Two years earlier, Ontario prosecutor Leo McGuigan had convinced a jury that Morin was a sadistic killer who deserved a life prison sentence. ''The justice system in this country is run by human beings,'' Mr. Mcguigan told reporters after Morin was freed. ''It does, on occasion, make mistakes. This was one of them.''

But Morin and his lawyers say police and prosecutors are guilty of far more than innocent mistakes. Morin was an easy target, they say, in a highly charged case in which authorities were under pressure to convict someone.

''I think I was just the fall guy, the person to just put the blame on and appease the public's worries,'' Morin says.

''They put me through a microscope and they accused an innocent person for 10 years falsely.... What happened to me was wrong, and could happen even to any of you who are speaking to me right now.''

International cases

Not only in Canada, but also in the United States and Britain, the risk of wrongful conviction is real and probably much greater than most people think, say those who study such cases.

While the three democracies are global standard-bearers for civil liberties, their justice systems are still fraught with flaws that open the door to the sort of human error that produced Morin's 10-year nightmare.

What is worse, these errors in many cases are not simply flukes, defense lawyers and advocacy groups contend.
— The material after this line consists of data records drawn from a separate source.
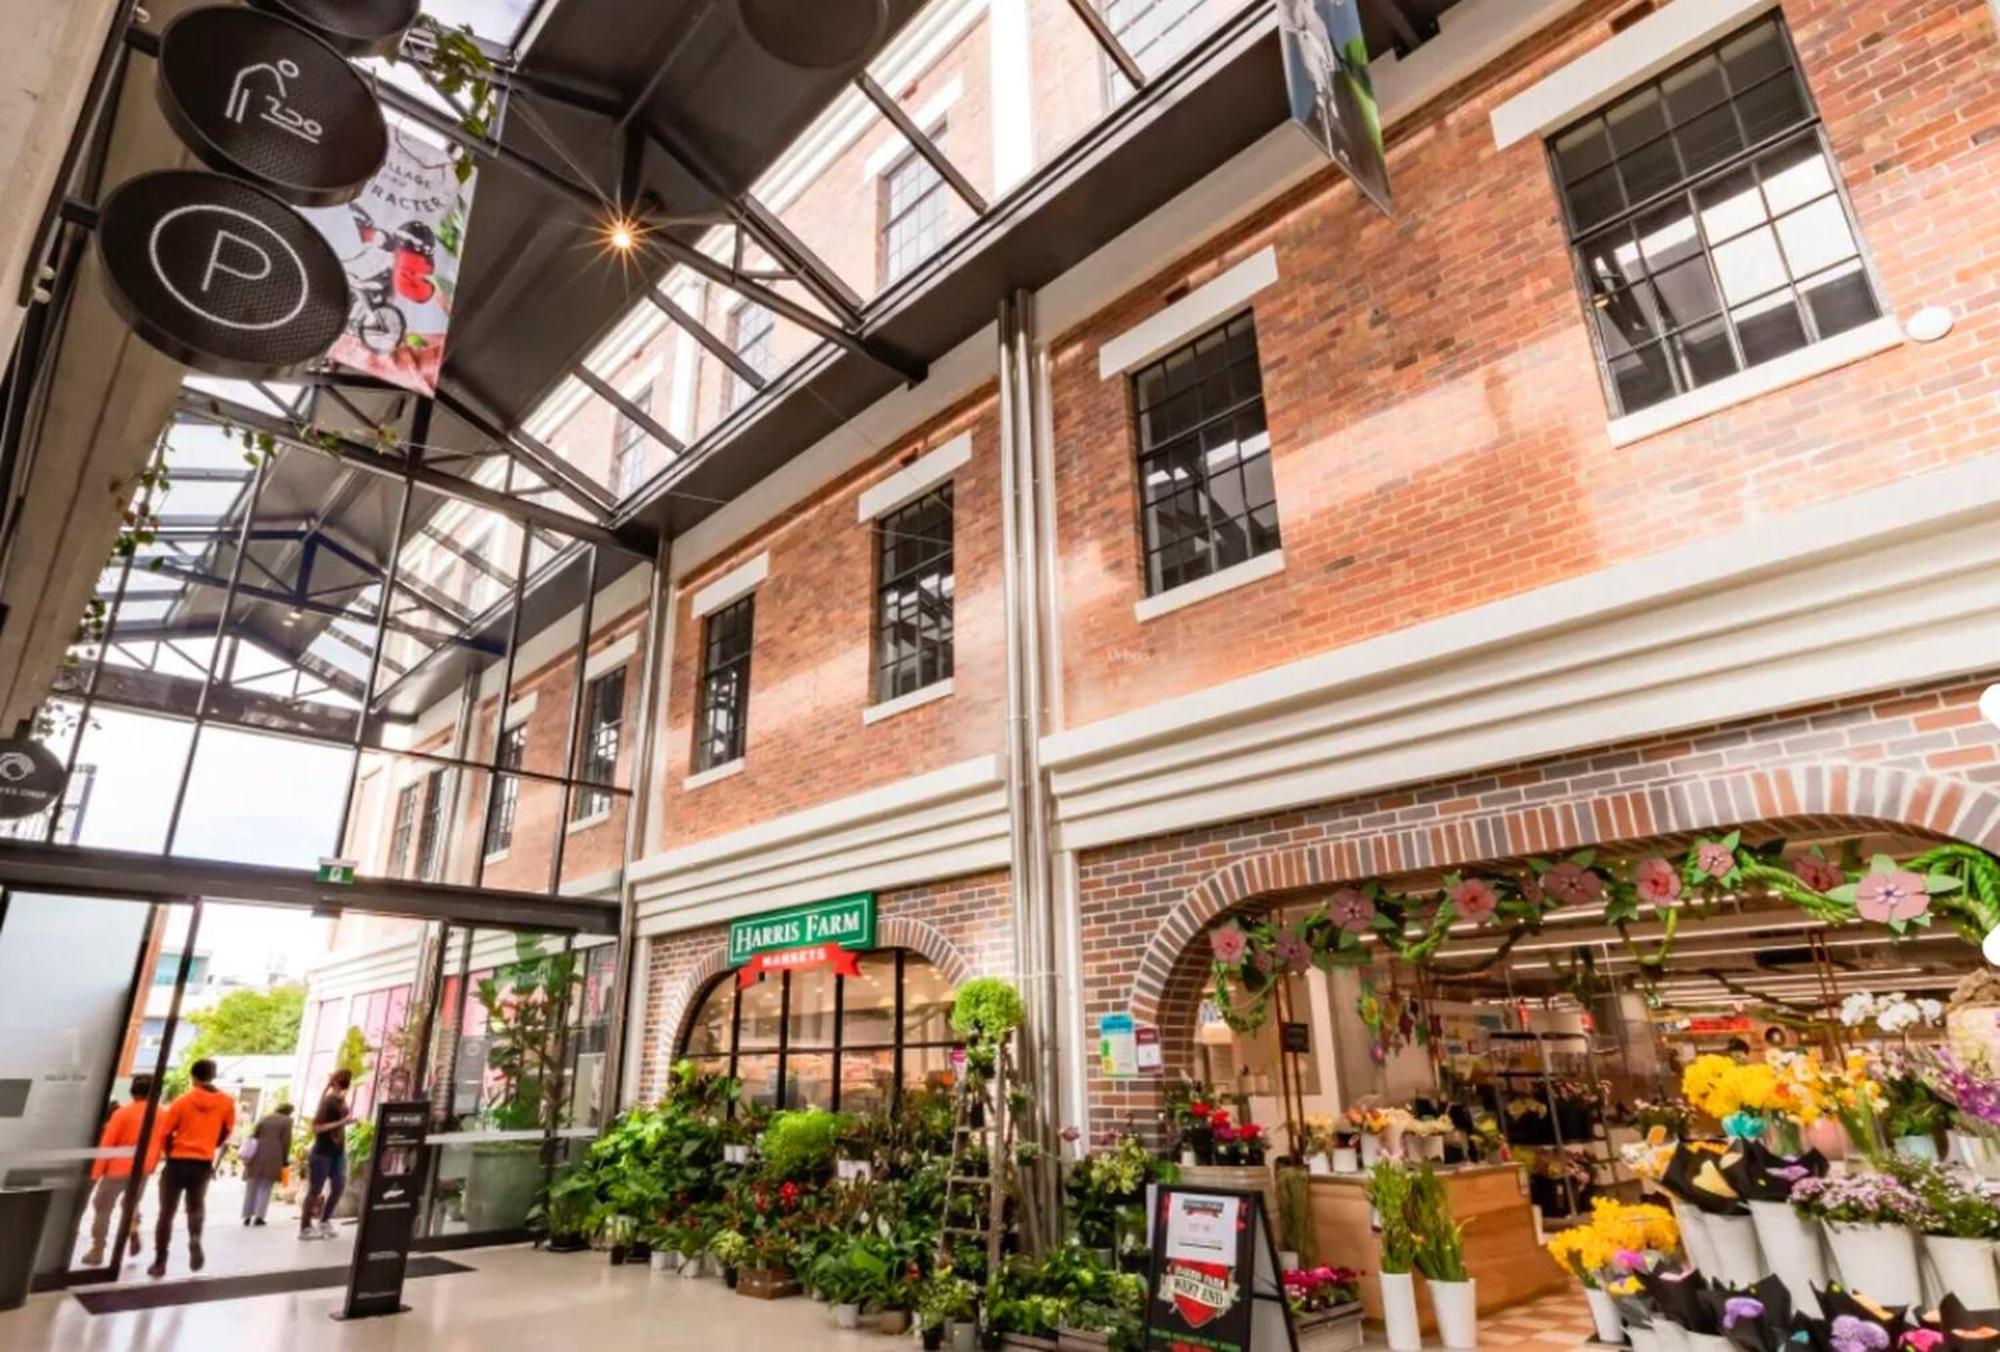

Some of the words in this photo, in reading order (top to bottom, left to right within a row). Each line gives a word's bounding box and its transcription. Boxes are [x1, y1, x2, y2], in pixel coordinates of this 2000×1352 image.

[388, 162, 432, 190] LLAGE
[371, 184, 446, 213] RACTER
[201, 229, 272, 292] P
[735, 919, 800, 954] HARRIS
[805, 910, 861, 942] FARM
[761, 947, 828, 967] MARKETS
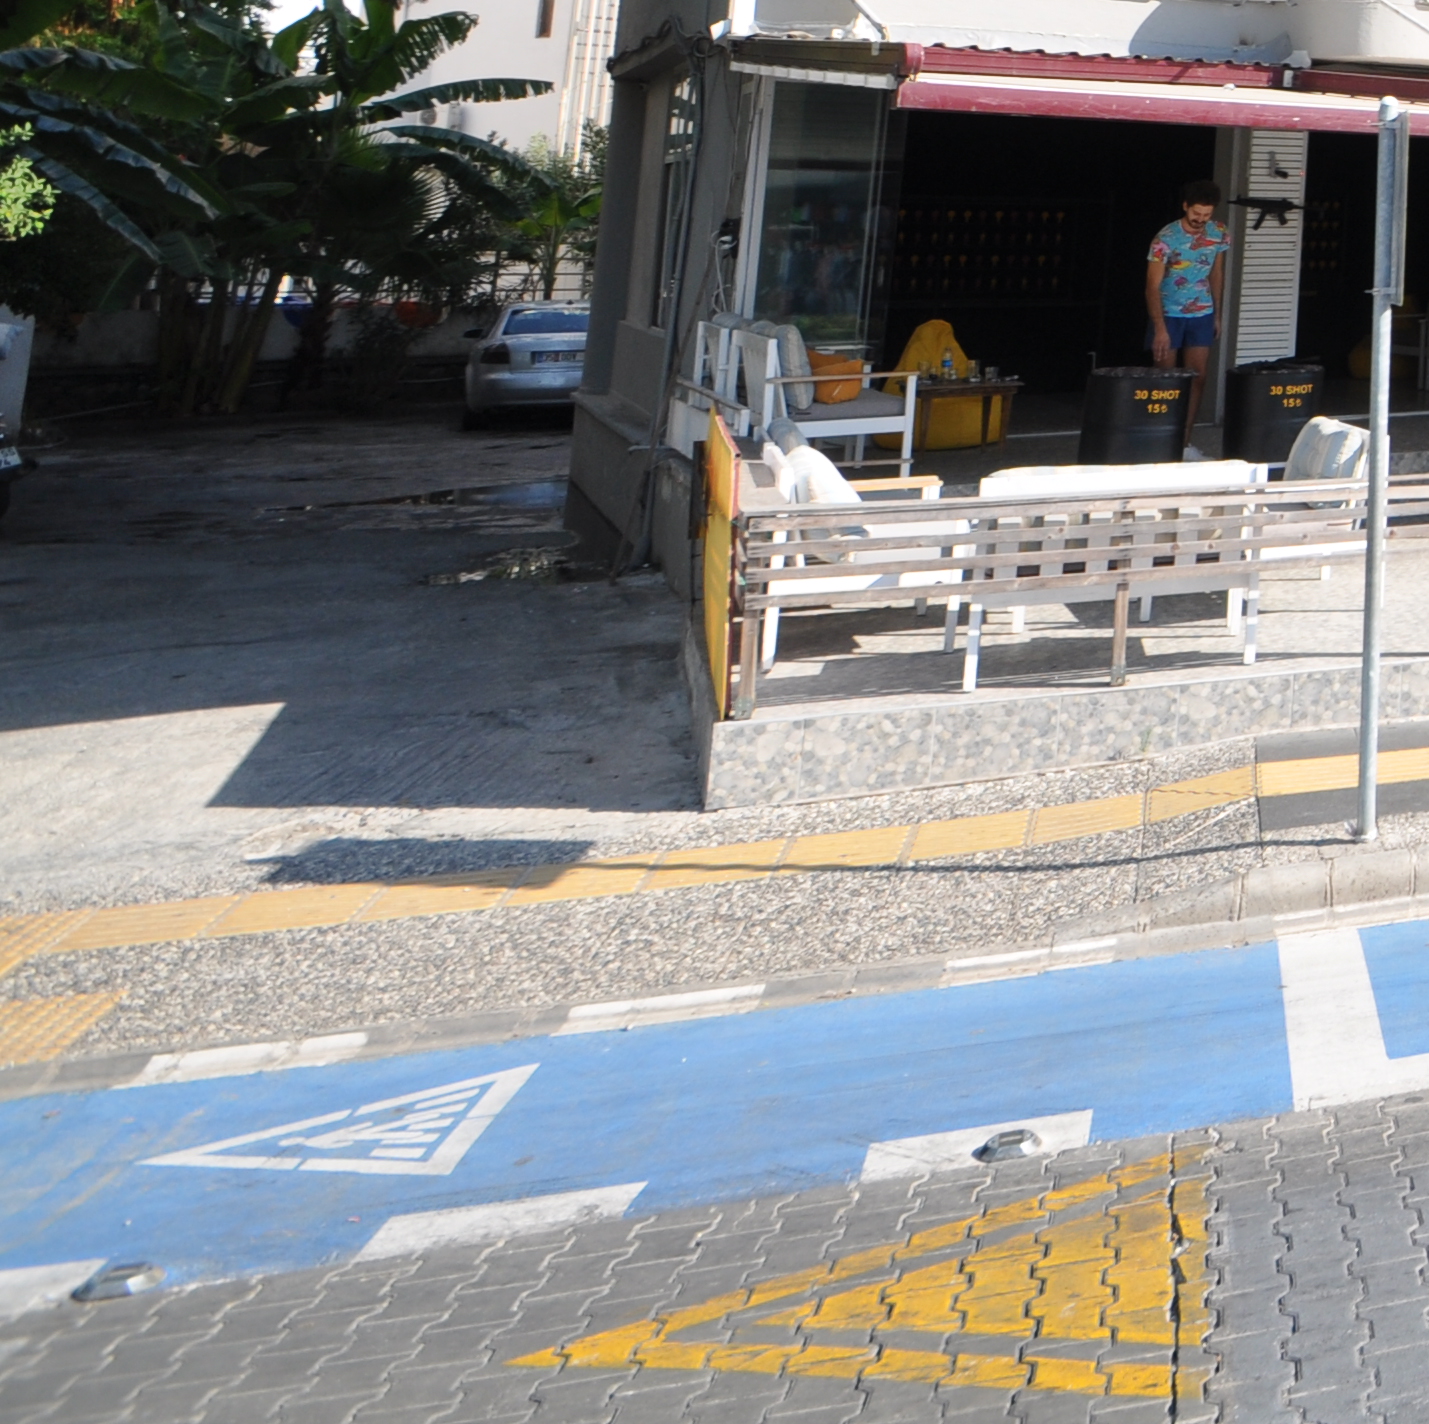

Innocent people such as Morin, they say, are regularly convicted because the systems are not properly insulated from public and political pressures that cause the search for truth to turn into little more than the search for a conviction.

''In every one of the miscarriage-of-justice cases I have looked at in Canada, the US, and England, there has been suppression of evidence by police or prosecution as a matter of deliberate choice -- evidence shown later to be crucially important to these cases,'' says Alastair Logan, a British lawyer who helped exonerate eight people convicted of terrorism in the 1970s bombings by the Irish Republican Army (IRA).

Mr. Logan says wrongful convictions follow a common pattern that cuts across national boundaries. He sees parallels between cases in the English-language common-law systems of Ireland, Scotland, Wales, England, Canada, the United States, and Australia.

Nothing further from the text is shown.